Segmentation is essentially a clustering problem with additional connectivity constraint. k-means is widely used, its properties are well known, and it has also been applied to image segmentation with modest modifications. It is fast and simple to implement [13], which makes it suitable for large datasets like images. However, applying k-means merely based on the pixel values usually results in very fragmented segments. Regularized k-means (reg-KM) [14] attacks this by combining the intensity and the spatial information using two terms. The first term calculates the ratio of the segment perimeter and its area while the second term measures the intracluster dissimilarity as in the standard k-means.
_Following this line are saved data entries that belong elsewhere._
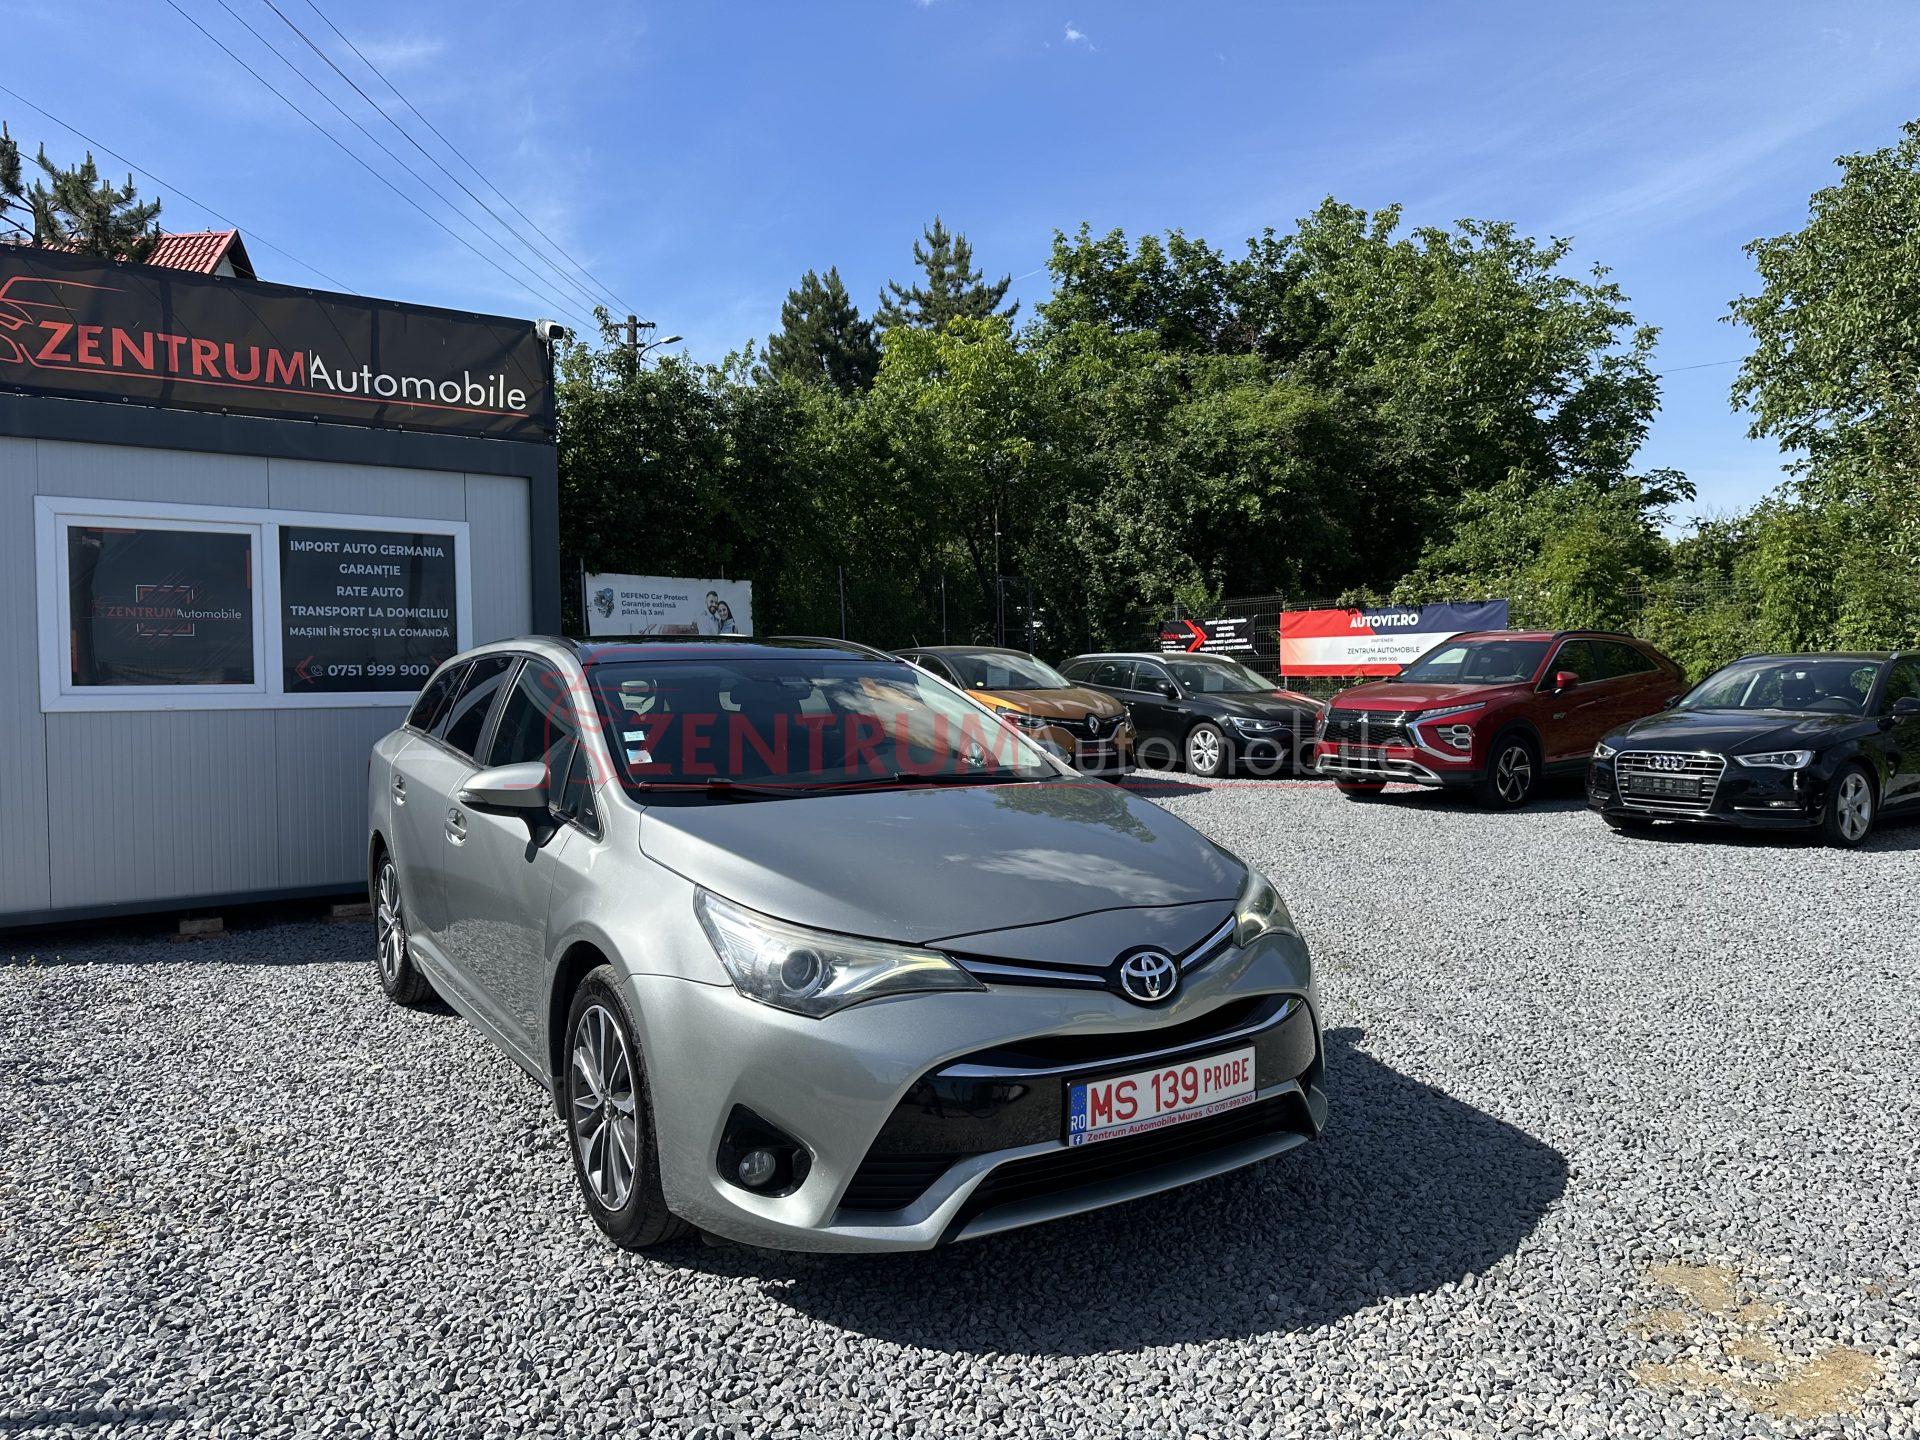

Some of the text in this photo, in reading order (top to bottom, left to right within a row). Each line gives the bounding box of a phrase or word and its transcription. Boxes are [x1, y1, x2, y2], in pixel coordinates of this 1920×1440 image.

[36, 320, 528, 410] ZENTRUM Automobile
[290, 541, 444, 558] IMPORT AUTO GERMANIA
[339, 564, 401, 578] GARANȚIE
[336, 586, 404, 597] RATE AUTO
[620, 592, 650, 600] DEFEND
[107, 606, 242, 619] ZENTRUM Automobile
[290, 605, 449, 619] TRANSPORT LA DOMICILIU
[640, 608, 647, 616] la
[1350, 613, 1419, 629] AUTOVIT.RO
[289, 626, 450, 639] MAȘINI ÎN STOC ȘI LA COMANDĂ
[1377, 646, 1420, 654] AUTOMOBILE
[327, 664, 430, 677] 0751 999 900
[1090, 1057, 1250, 1127] MS 139 PROBE
[1070, 1114, 1086, 1132] RO
[1086, 1128, 1127, 1142] Zentrum
[1128, 1116, 1177, 1134] Automobile
[1178, 1110, 1203, 1123] Mures
In 1989, Mumford and Shah introduced the Mumford-Shah model [15]. Since then, it has applications in the areas such as image denoising, image restoration, and image segmentation [16]. The Mumford-Shah model can be implemented using the Douglas-Rachford algorithm, ADI implicit method, and other numerical optimizations [1722]. The improvement of local minima was achieved by graph-based methods, but these methods do not allow for open boundaries [23].

A convex relaxation approach was presented in [24], using functional lifting which guarantees a globally optimal solution, is independent of initialization, and takes care of open boundaries. There are suitable algorithms to solve the simplified Mumford-Shah model which include convex boundaries for any kind of image segmentation [18, 22, 2527]. The problems of the previous approaches are that those based on Mumford-Shah are rather slow, while many region and contour-based models provide poor segmentation result if the parameters are not carefully tuned.
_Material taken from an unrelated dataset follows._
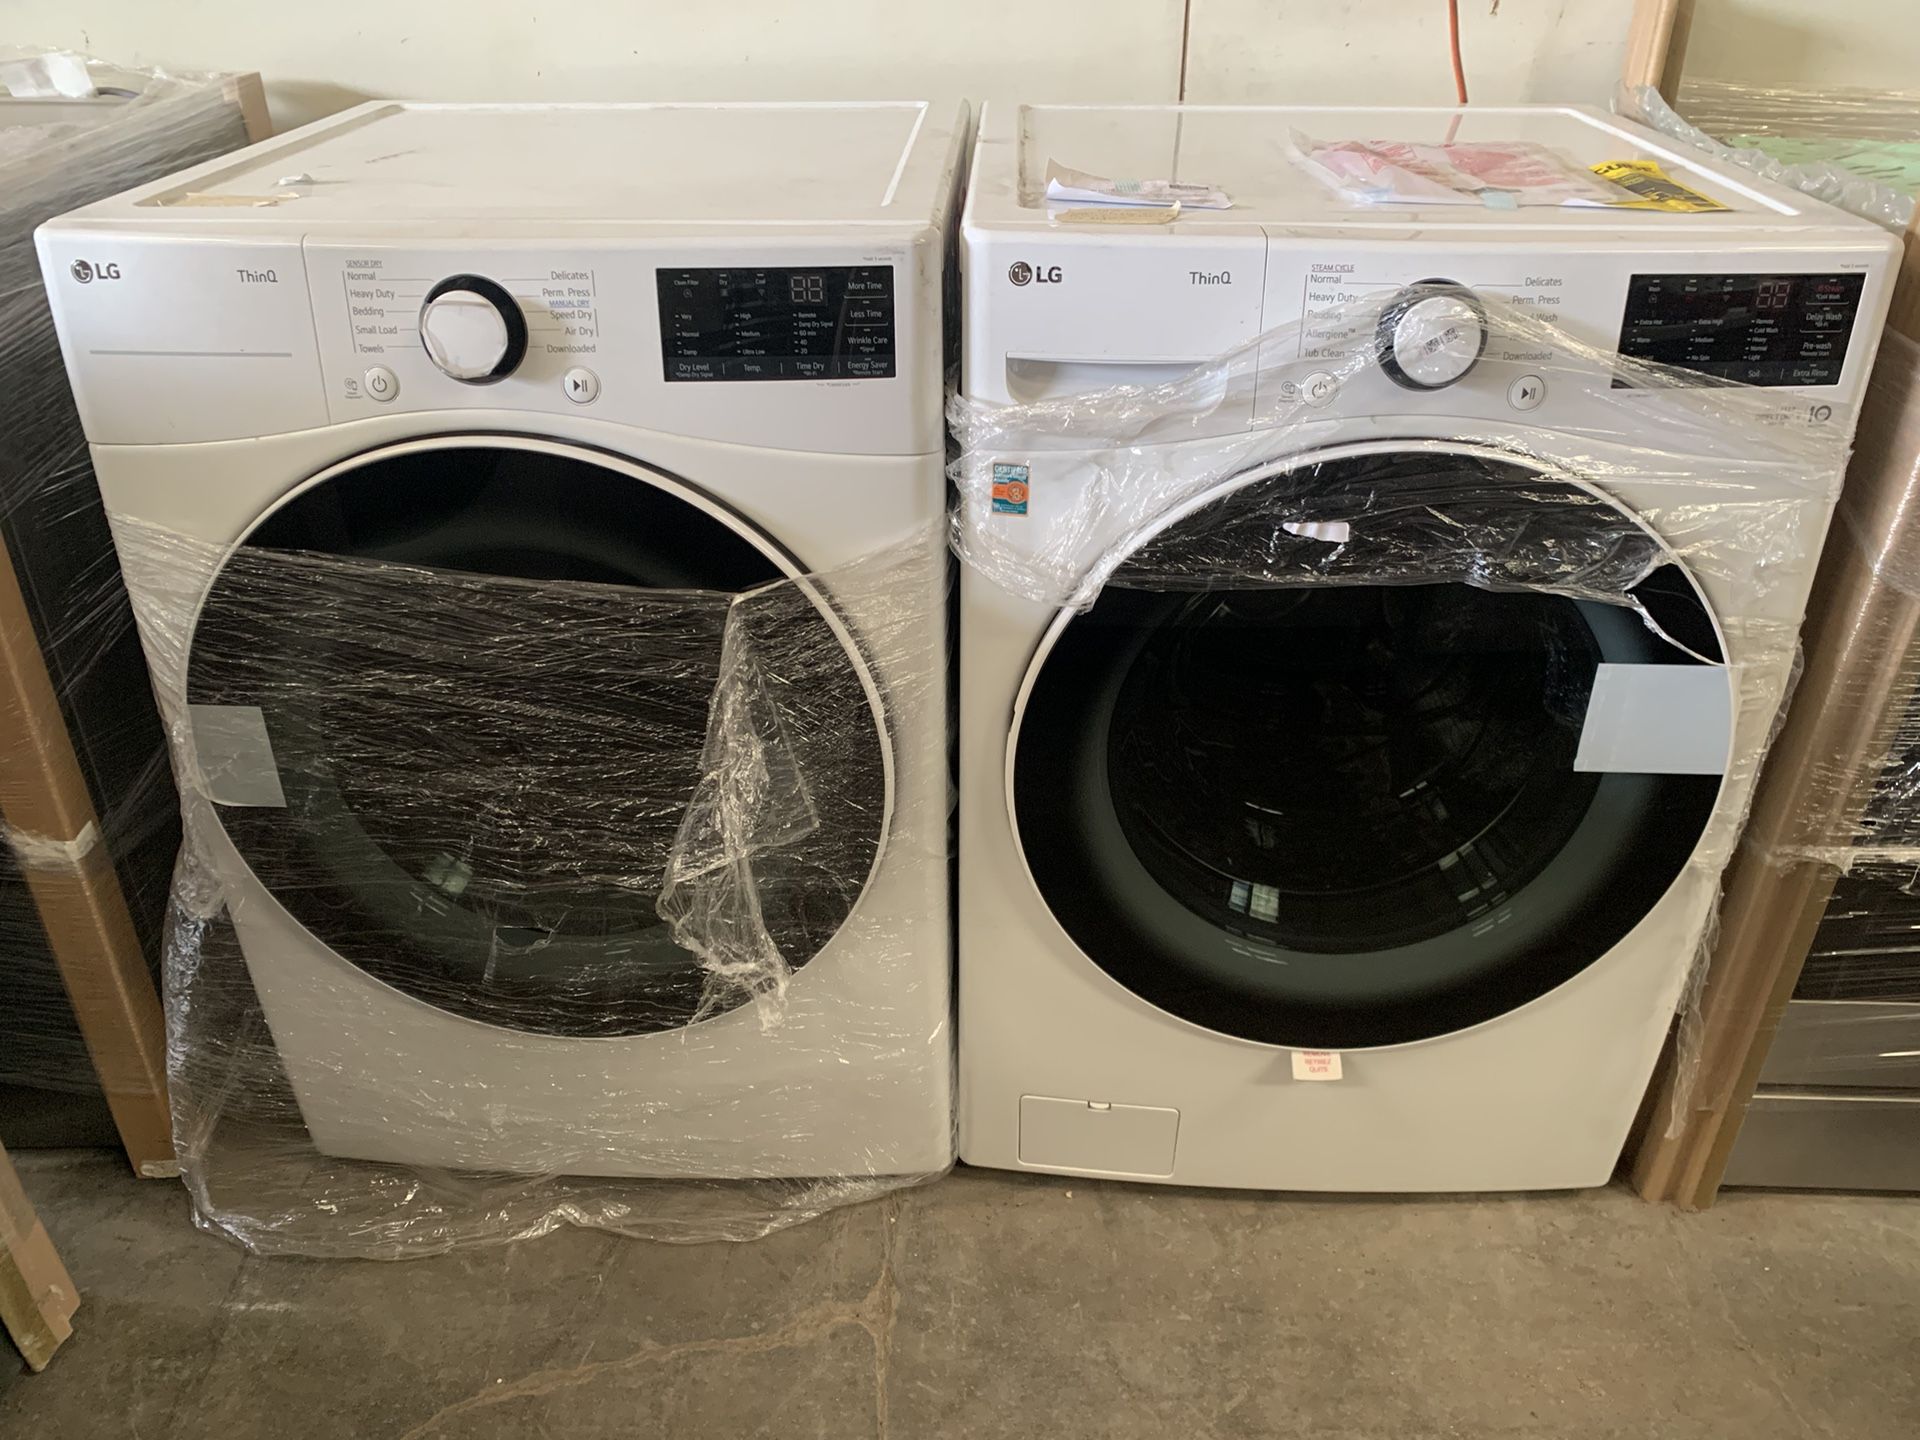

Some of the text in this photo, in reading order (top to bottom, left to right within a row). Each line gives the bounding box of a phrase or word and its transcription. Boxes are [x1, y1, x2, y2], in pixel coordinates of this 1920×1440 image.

In this paper, we introduce a two-phase image segmentation algorithm. Instead of using region or block-based heuristics to solve the segmentation problem, we define it as a global optimization problem. We input the number of segments, select the initial centroids randomly, and apply the k-means clustering technique to obtain the initial segmented image, which is further improved by minimizing the Mumford-Shah model. k-means is known to be sensitive to the initialization. A typical solution is to try the algorithm several times with different initialization or use some more robust initialization technique, see [13]. Our main contribution is to show how the proximal splitting technique can be used to solve the two-phase Mumford-Shah model.
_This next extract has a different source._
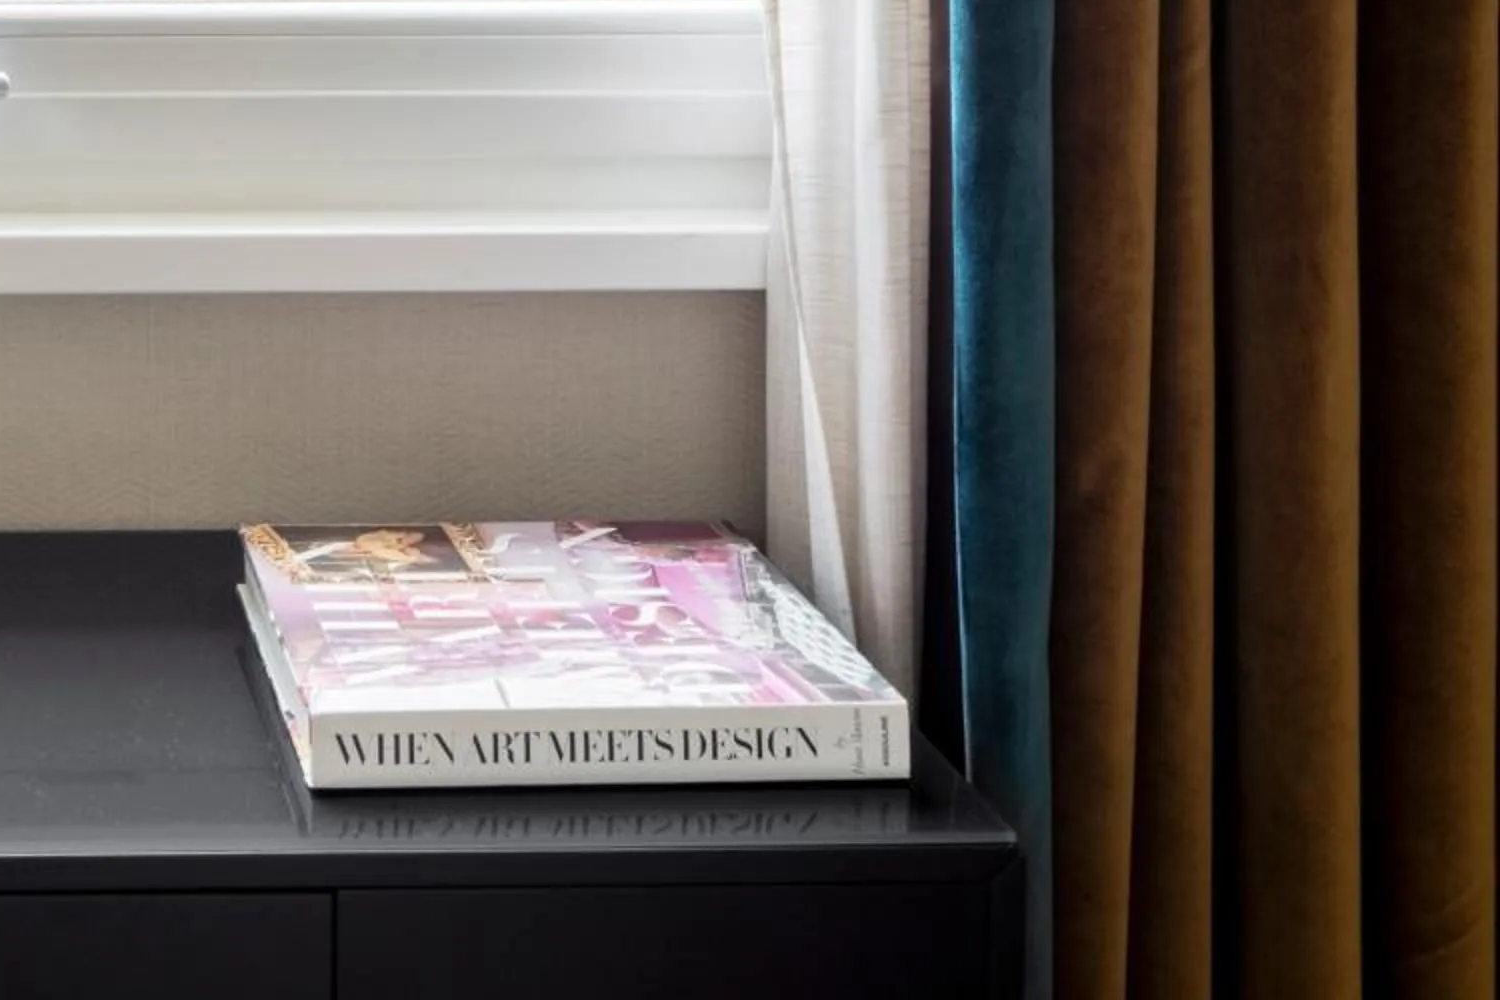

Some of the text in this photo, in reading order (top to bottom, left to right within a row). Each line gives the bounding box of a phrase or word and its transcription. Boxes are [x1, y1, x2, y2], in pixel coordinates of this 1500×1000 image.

[334, 732, 454, 766] WHEN
[469, 730, 541, 764] ART
[548, 728, 674, 763] MEETS
[680, 726, 819, 762] DESIGN
We compare our segmentation with ground truth data for 100 color images from the Weizmann image dataset [28]. Statistically evaluating using error metrics defined in [29], we find 70% of our segmentation have an error value of 0.5 or less. The method works especially well with segments that are difficult to determine, there are multiple objects in the image, and objects have stripes, or complex objects posing so that they have artificial boundaries. For these troublesome images, we find our algorithm gives slightly better segmentation when compared to the classical Chan-Vese optimization algorithm [8], and much better than the k-means variant (reg-KM) [14]. Our implementation of the Douglas-Rachford (DR) algorithm is also a lot faster than the Chan-Vese algorithm. The Chan-Vese model jointly uses the reduced Mumford-Shah model and level set method which also uses active contours for image segmentation. This is time consuming because it is solved using reinitialization of a level set function [30, 31].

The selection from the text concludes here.